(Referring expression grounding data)
▶

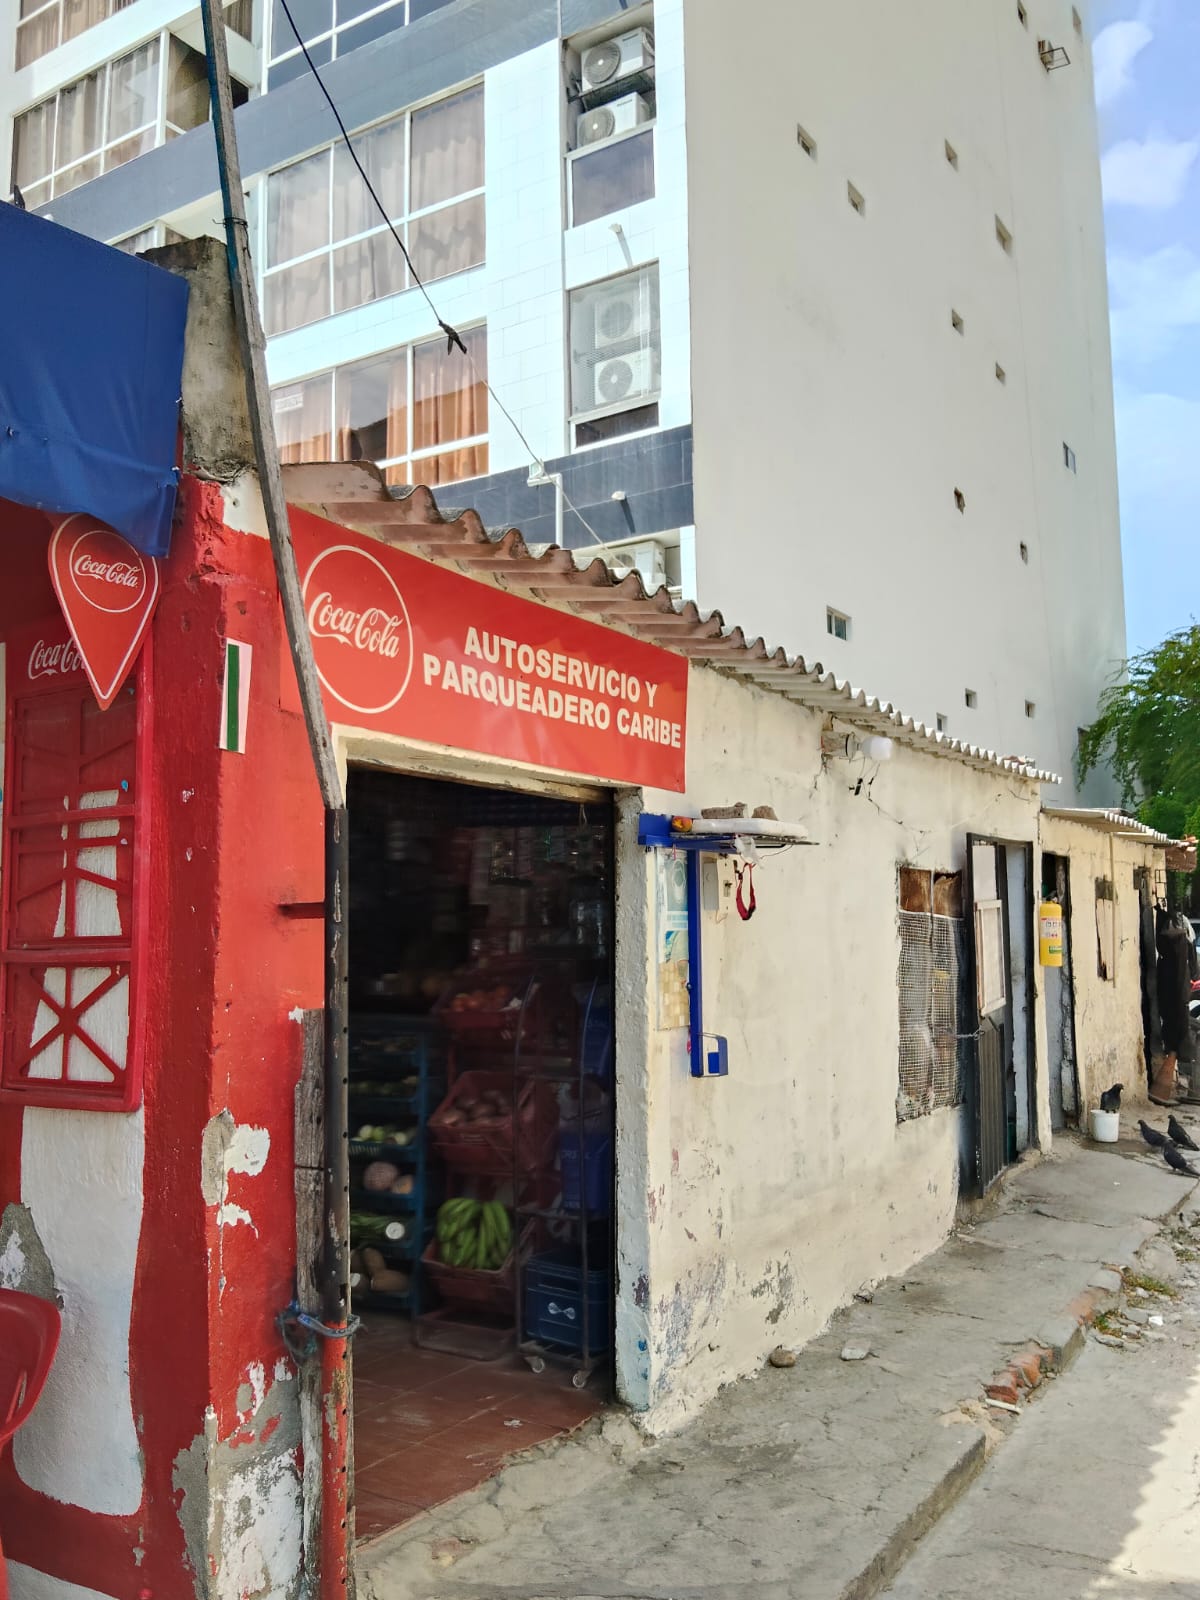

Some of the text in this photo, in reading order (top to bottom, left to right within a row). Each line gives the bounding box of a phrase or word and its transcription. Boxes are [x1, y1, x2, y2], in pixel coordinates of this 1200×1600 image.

[74, 554, 141, 588] Coca-Cola
[309, 591, 403, 659] Coca-Cola
[28, 639, 85, 680] Coca-Co
[464, 626, 658, 708] AUTOSERVICIO Y
[423, 653, 682, 748] PARQUEADERO CARIBE

◀

## What is expected
Please return the records as they stand, word for word, with no pictures.

## Finished exercise
Some of the text in this photo, in reading order (top to bottom, left to right within a row). Each line gives the bounding box of a phrase or word and its transcription. Boxes are [x1, y1, x2, y2], in pixel coordinates of this 1200×1600 image.

[74, 554, 141, 588] Coca-Cola
[309, 591, 403, 659] Coca-Cola
[28, 639, 85, 680] Coca-Co
[464, 626, 658, 708] AUTOSERVICIO Y
[423, 653, 682, 748] PARQUEADERO CARIBE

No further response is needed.